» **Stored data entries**
◆ ◆ ◆ ◆ ◆ ◆ ◆

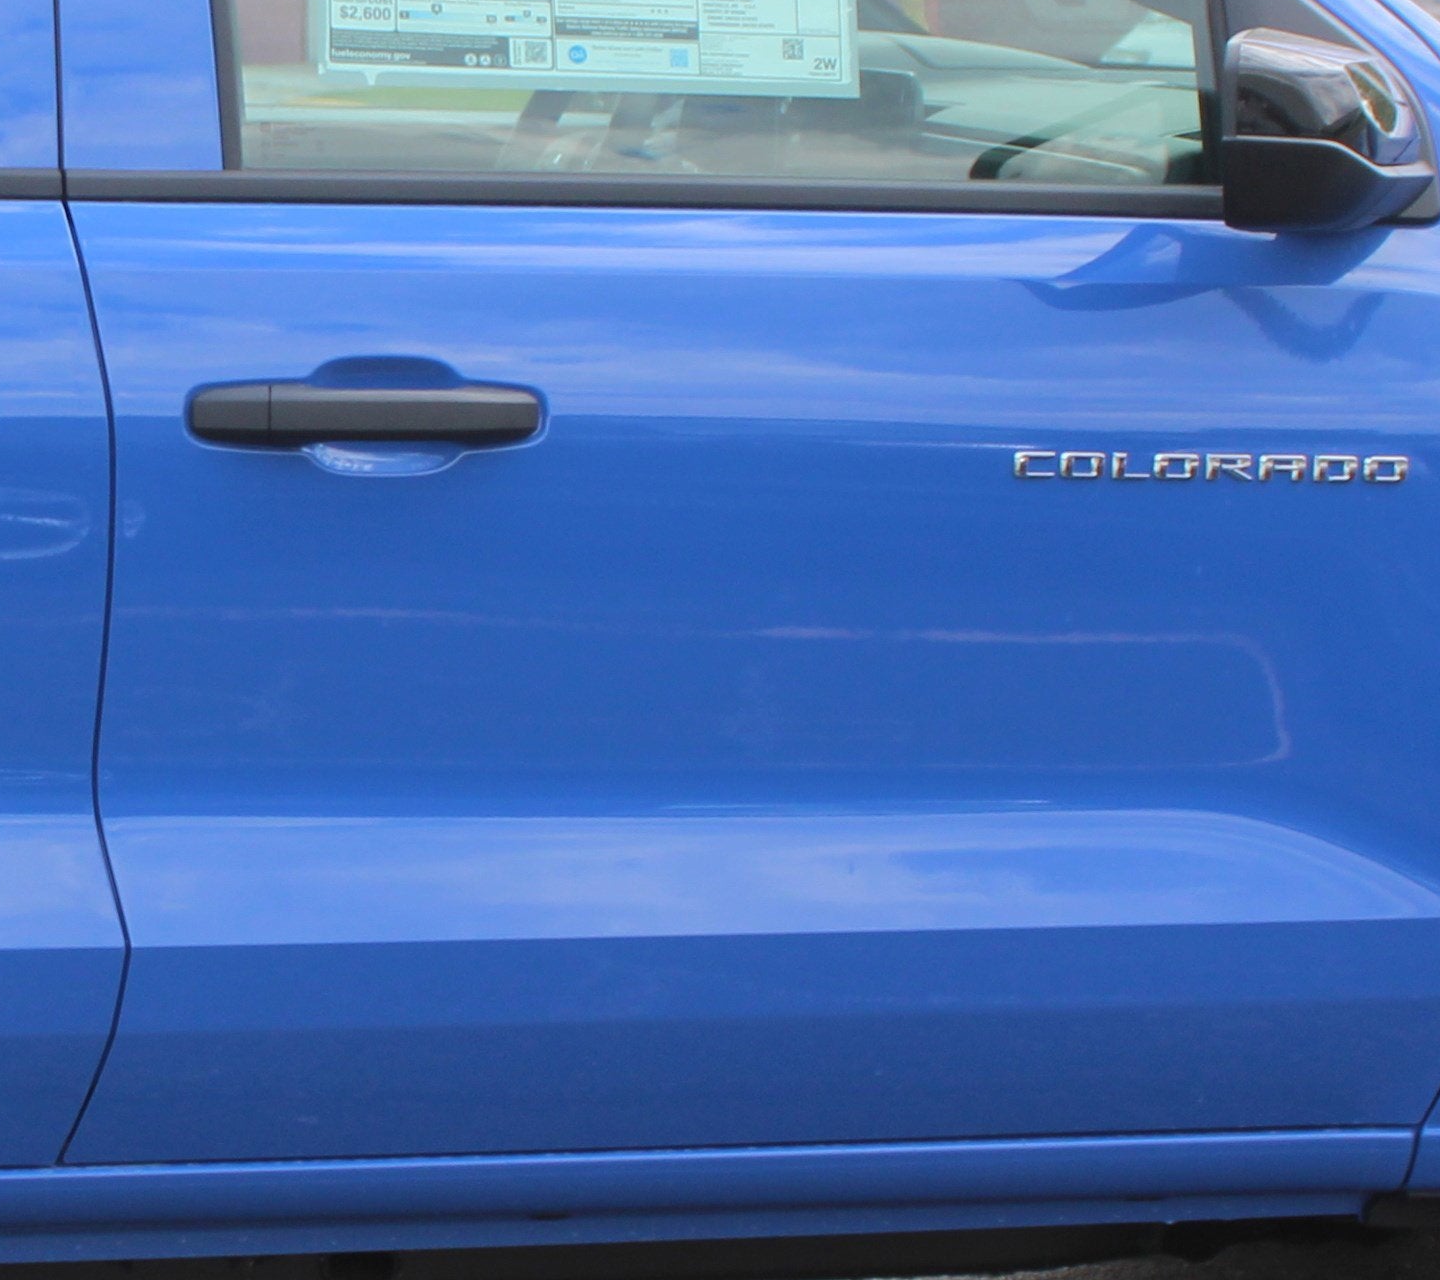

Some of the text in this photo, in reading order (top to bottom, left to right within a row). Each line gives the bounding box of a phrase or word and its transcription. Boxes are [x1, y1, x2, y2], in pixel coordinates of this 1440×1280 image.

[339, 5, 392, 21] $2,600
[331, 47, 412, 62] fueleconomy.gov
[813, 57, 838, 71] 2W
[1012, 451, 1410, 484] COLORADO
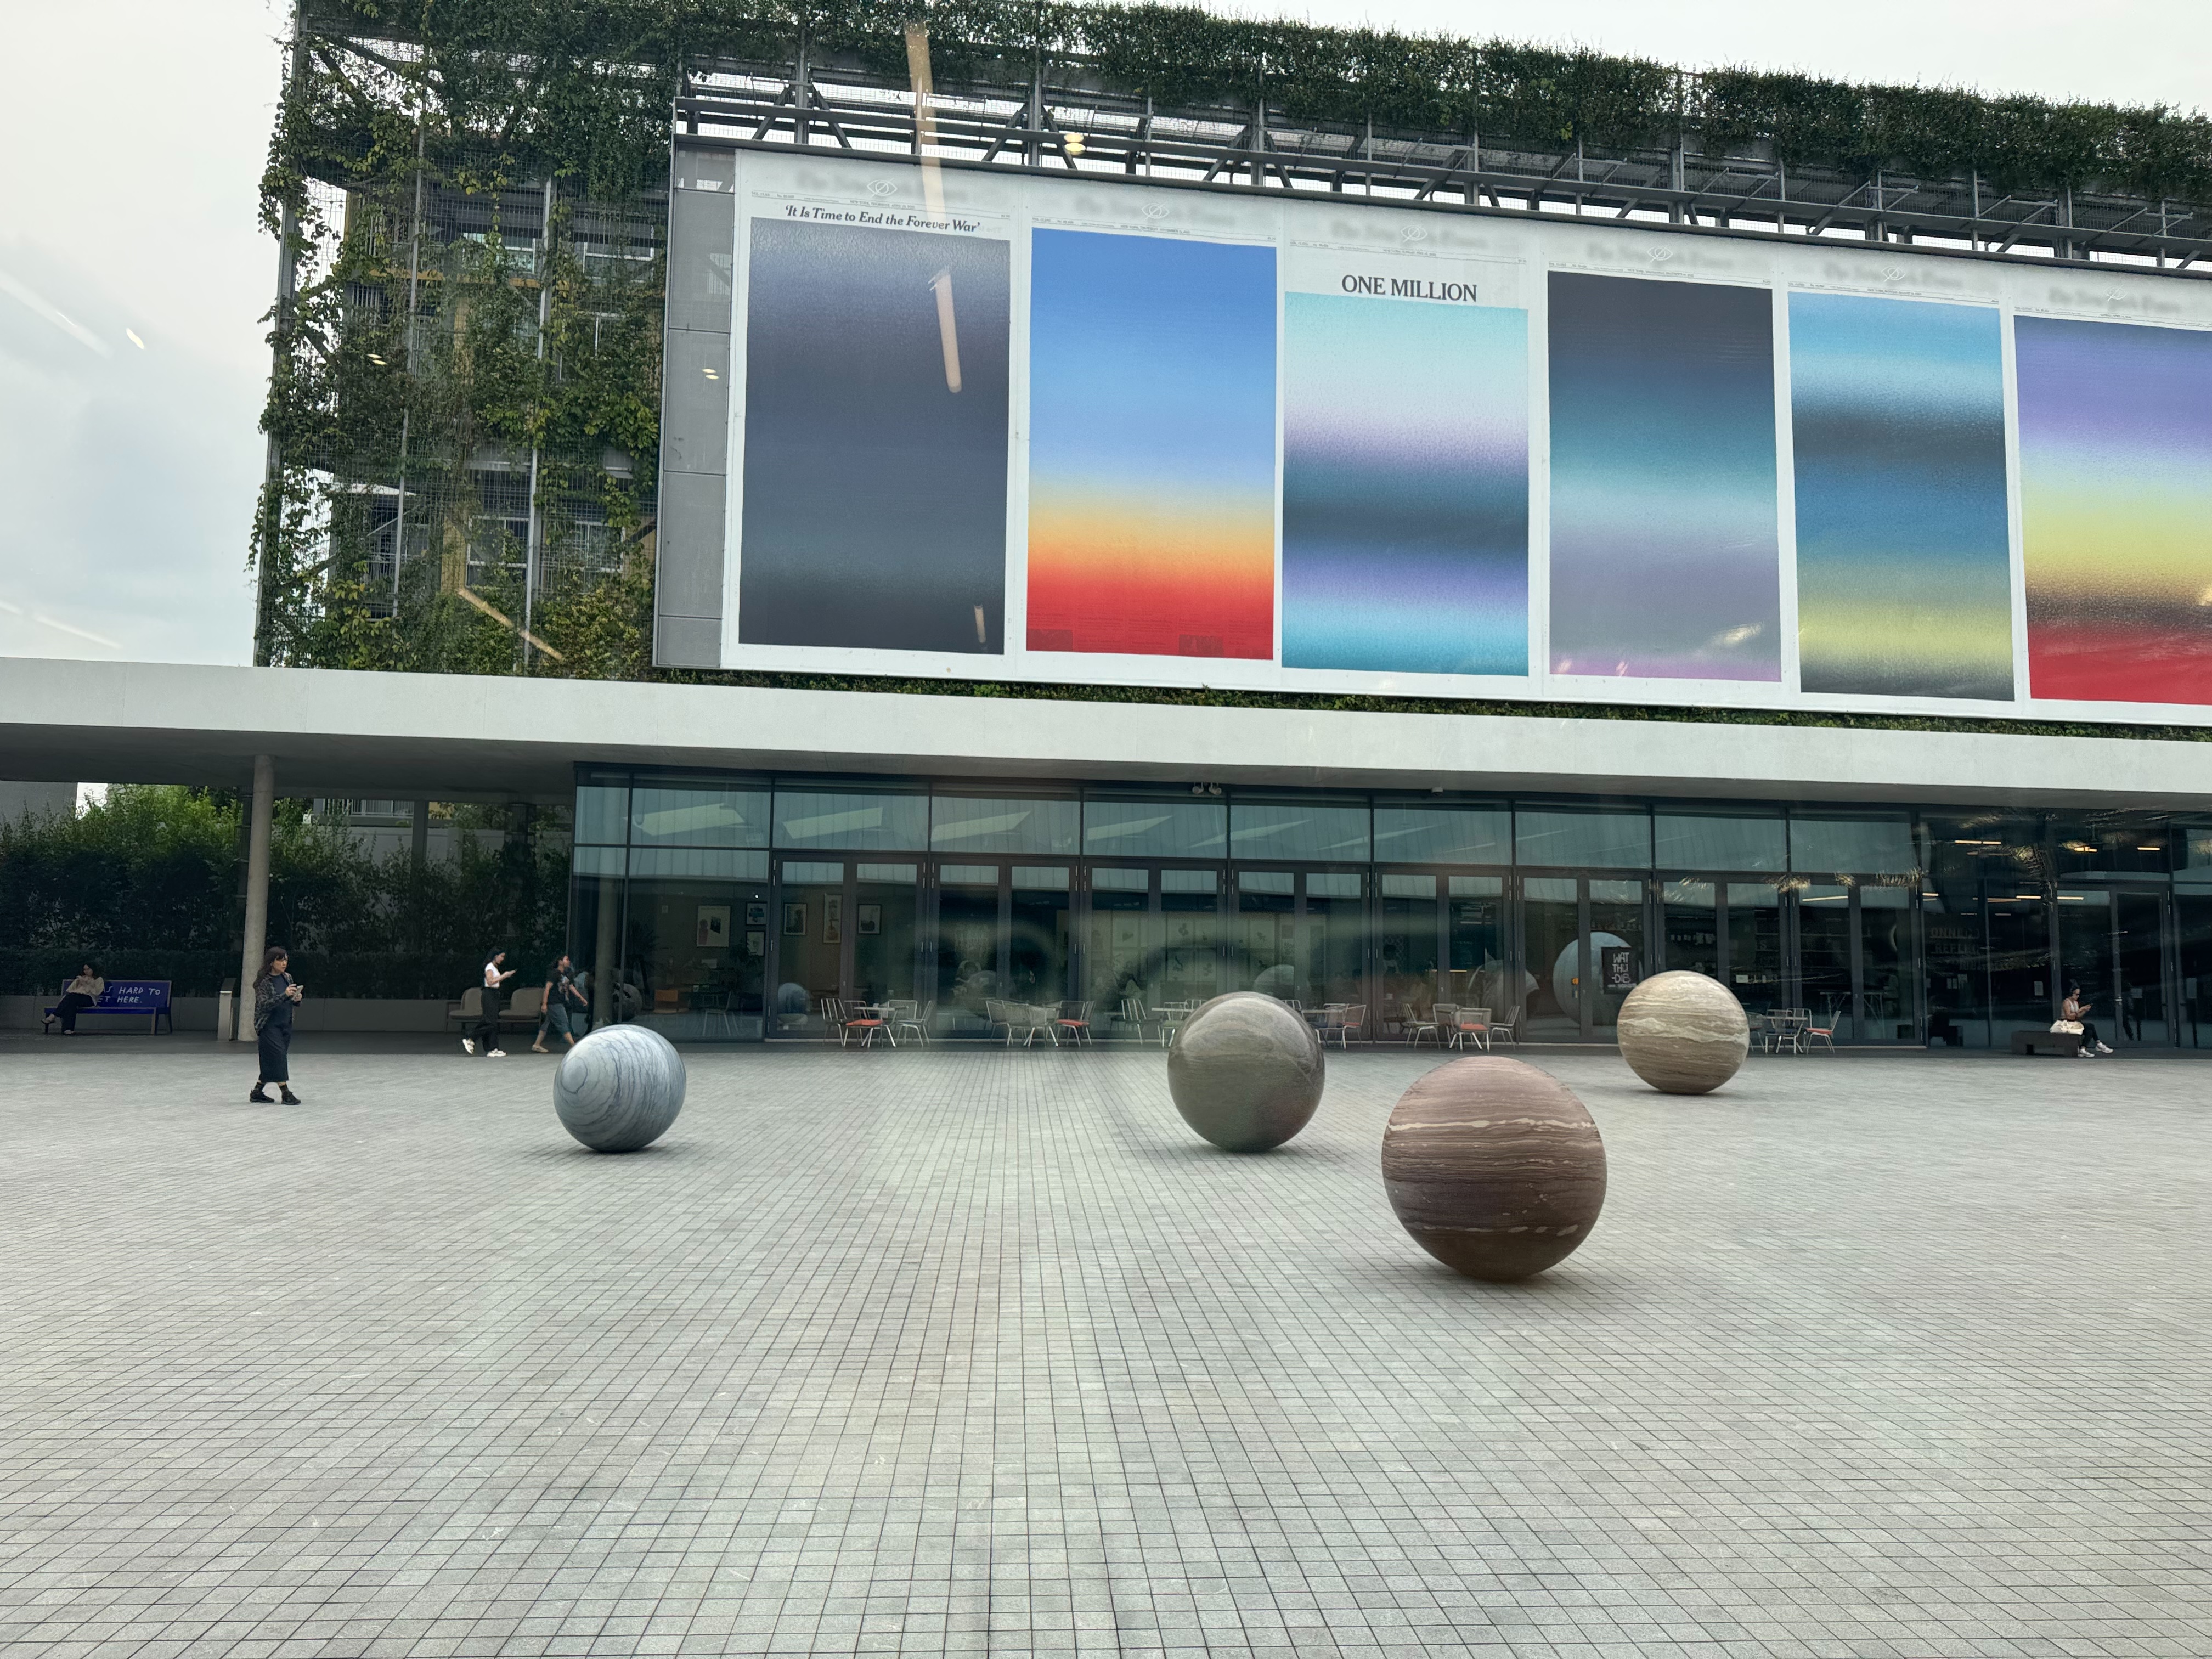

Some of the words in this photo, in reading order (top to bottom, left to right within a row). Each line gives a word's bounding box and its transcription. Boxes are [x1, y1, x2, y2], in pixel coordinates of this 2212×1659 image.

◆ ◆ ◆ ◆ ◆ ◆ ◆

» **Work request**
Although the records include pictures, output only their text, exactly and completely.

» **Answer for the task**
Some of the text in this photo, in reading order (top to bottom, left to right within a row). Each line gives the bounding box of a phrase or word and its transcription. Boxes are [x1, y1, x2, y2], in pixel coordinates of this 1440×1280 image.

[339, 5, 392, 21] $2,600
[331, 47, 412, 62] fueleconomy.gov
[813, 57, 838, 71] 2W
[1012, 451, 1410, 484] COLORADO

Some of the words in this photo, in reading order (top to bottom, left to right within a row). Each line gives a word's bounding box and its transcription. Boxes are [x1, y1, x2, y2], in pixel coordinates of this 2212×1659 image.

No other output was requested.